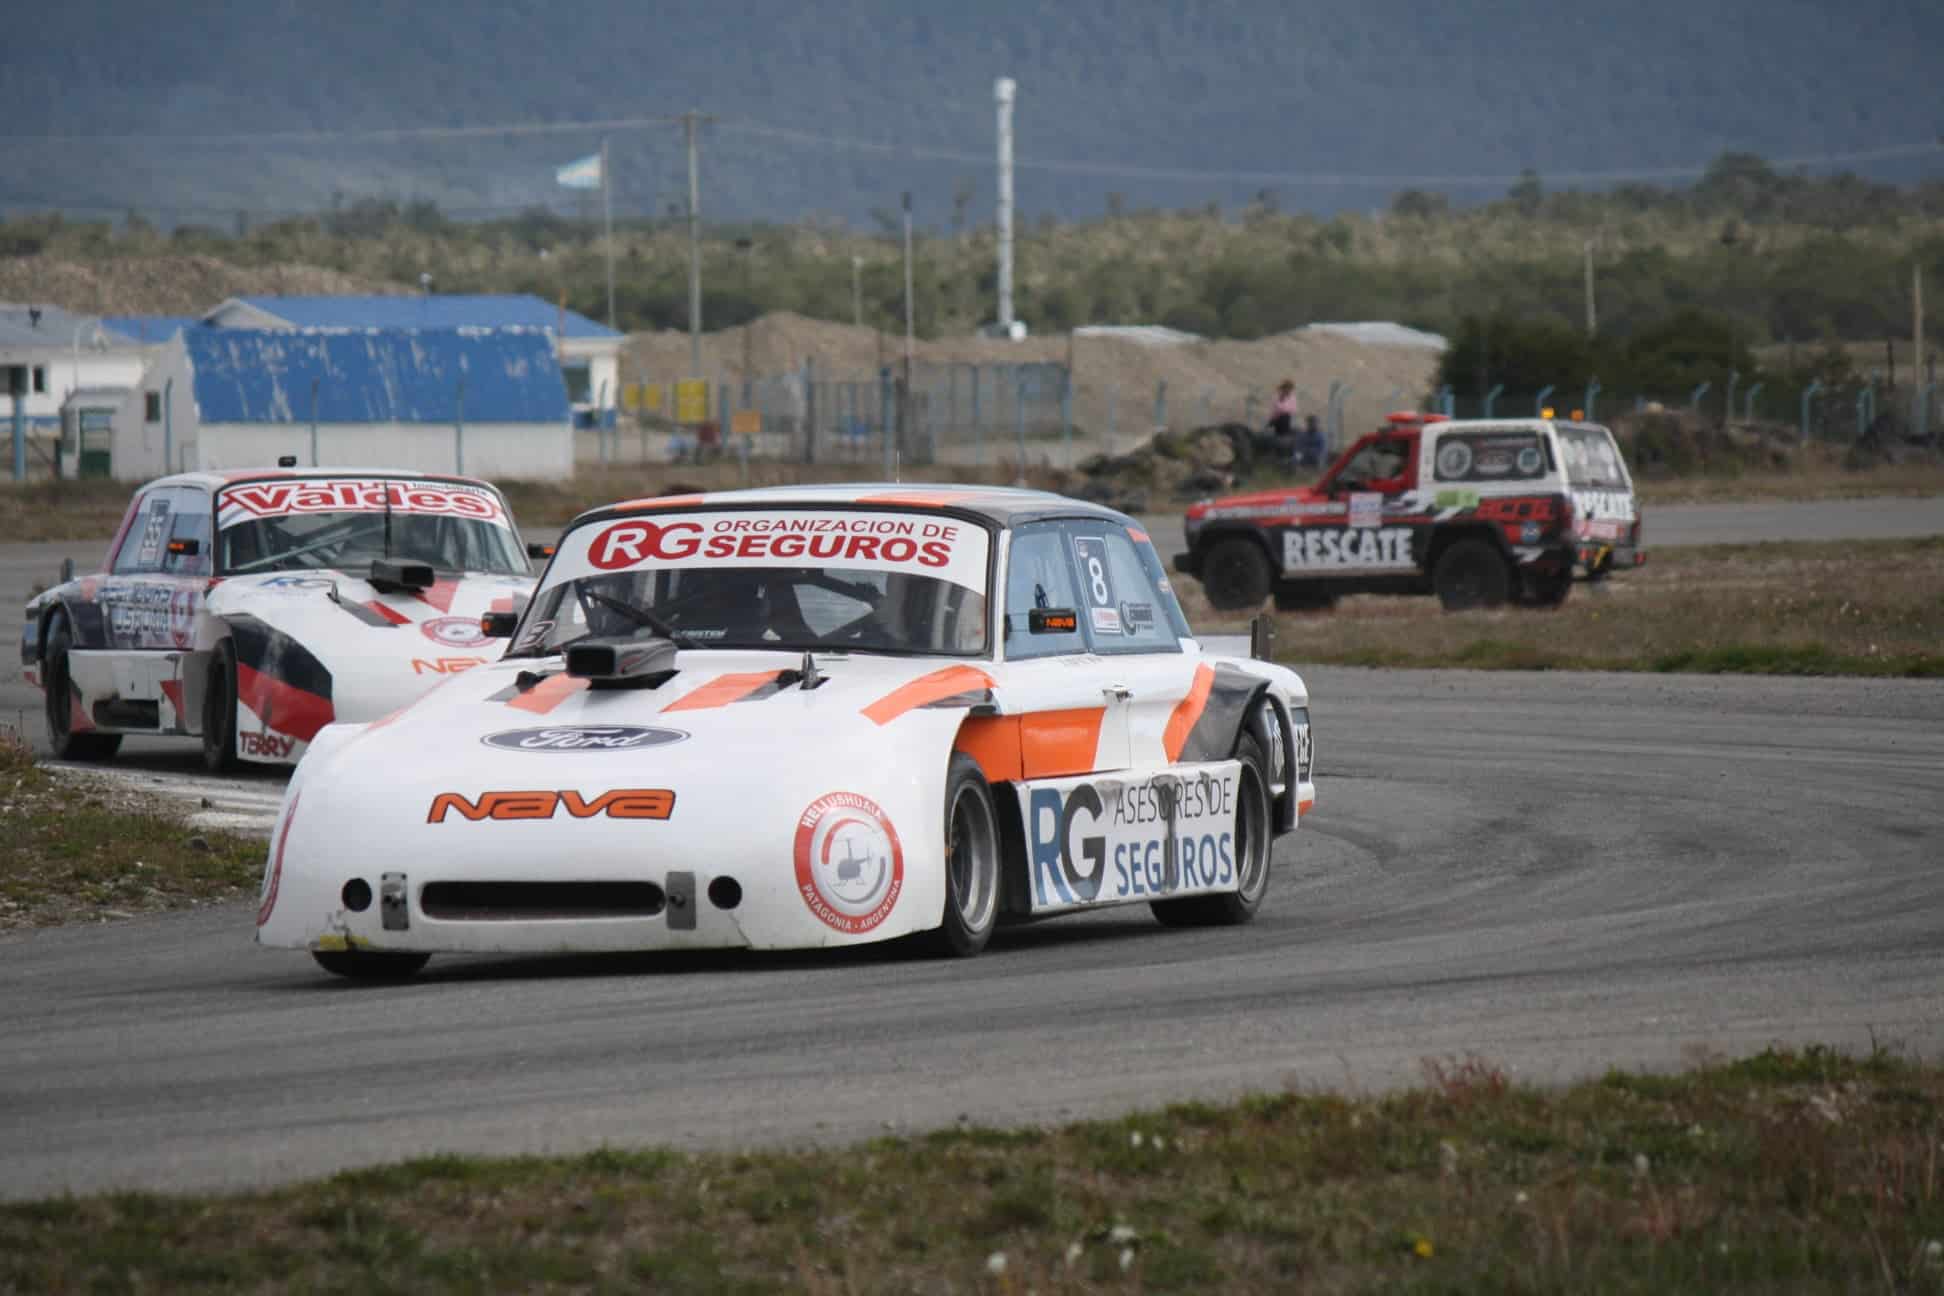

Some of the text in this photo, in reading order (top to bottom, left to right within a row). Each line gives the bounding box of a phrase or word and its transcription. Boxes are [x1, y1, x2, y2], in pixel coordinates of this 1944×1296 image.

[228, 482, 498, 519] Valdes
[589, 521, 705, 569] RG
[713, 519, 959, 542] ORGANIZACION DE
[1282, 528, 1415, 568] RESCATE
[703, 534, 952, 568] SEGUROS
[1088, 556, 1108, 605] 8
[520, 728, 650, 748] Ford
[1208, 777, 1232, 816] DE
[1030, 783, 1106, 906] RG
[1114, 832, 1232, 897] SEGUROS
[803, 883, 852, 929] PATAGONIA
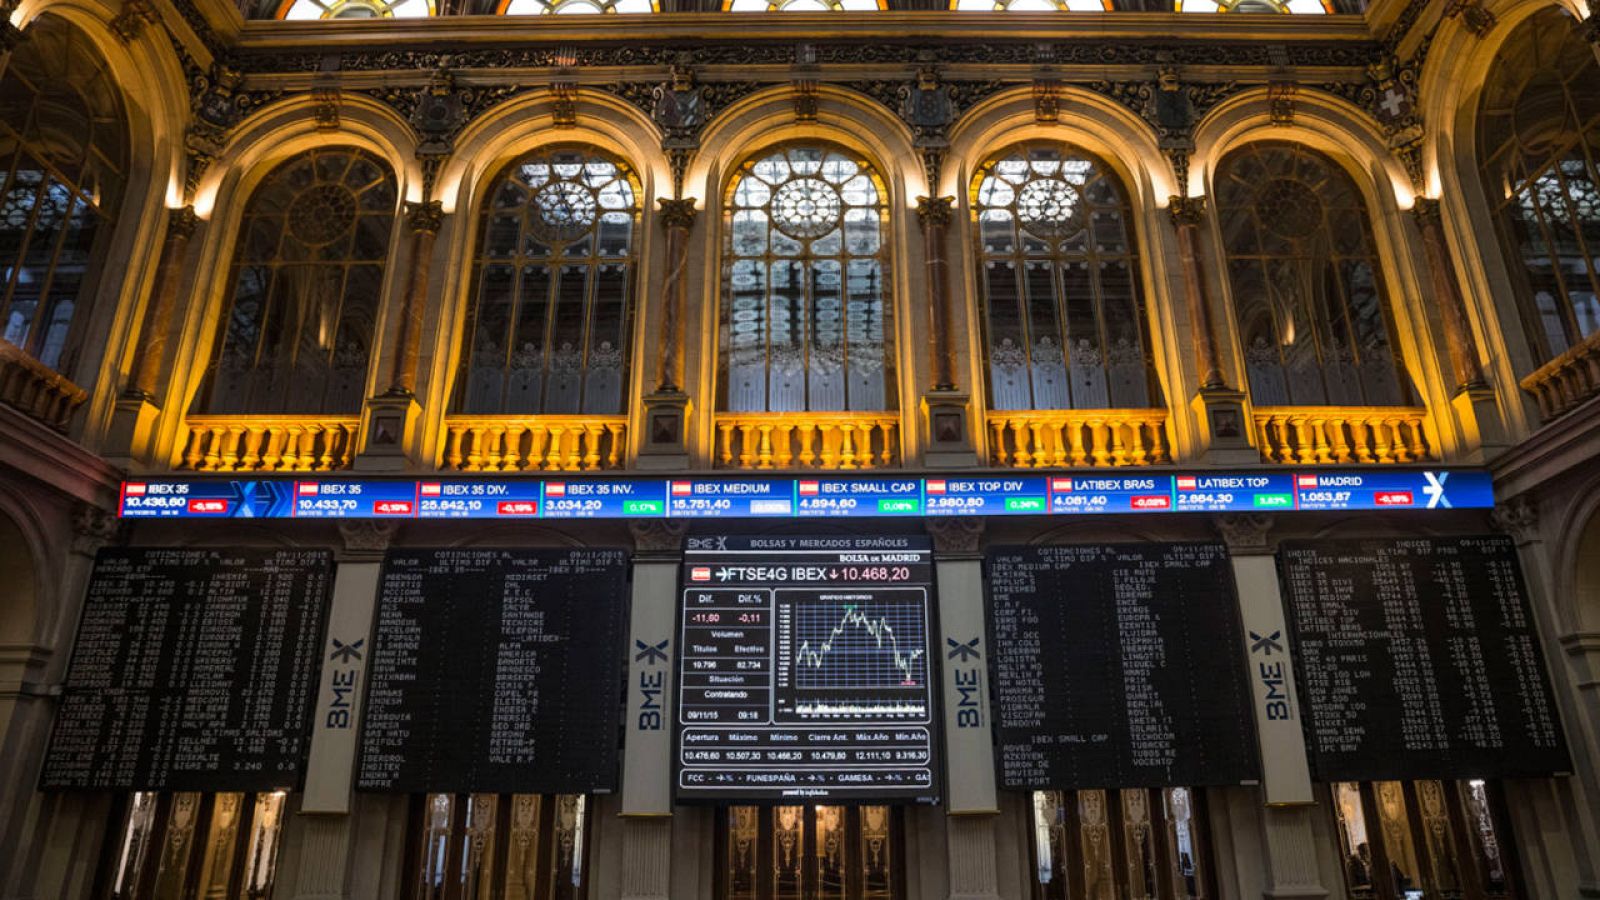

> **Exercise**
Could you print all the entries exactly as they stand, with the pictures left out?

> **Solution**
Some of the text in this photo, in reading order (top to bottom, left to right within a row). Each line gives the bounding box of a phrase or word and its transcription. Boxes are [x1, y1, x2, y2], in pixel coordinates of this 1944×1296 image.

[228, 482, 498, 519] Valdes
[589, 521, 705, 569] RG
[713, 519, 959, 542] ORGANIZACION DE
[1282, 528, 1415, 568] RESCATE
[703, 534, 952, 568] SEGUROS
[1088, 556, 1108, 605] 8
[520, 728, 650, 748] Ford
[1208, 777, 1232, 816] DE
[1030, 783, 1106, 906] RG
[1114, 832, 1232, 897] SEGUROS
[803, 883, 852, 929] PATAGONIA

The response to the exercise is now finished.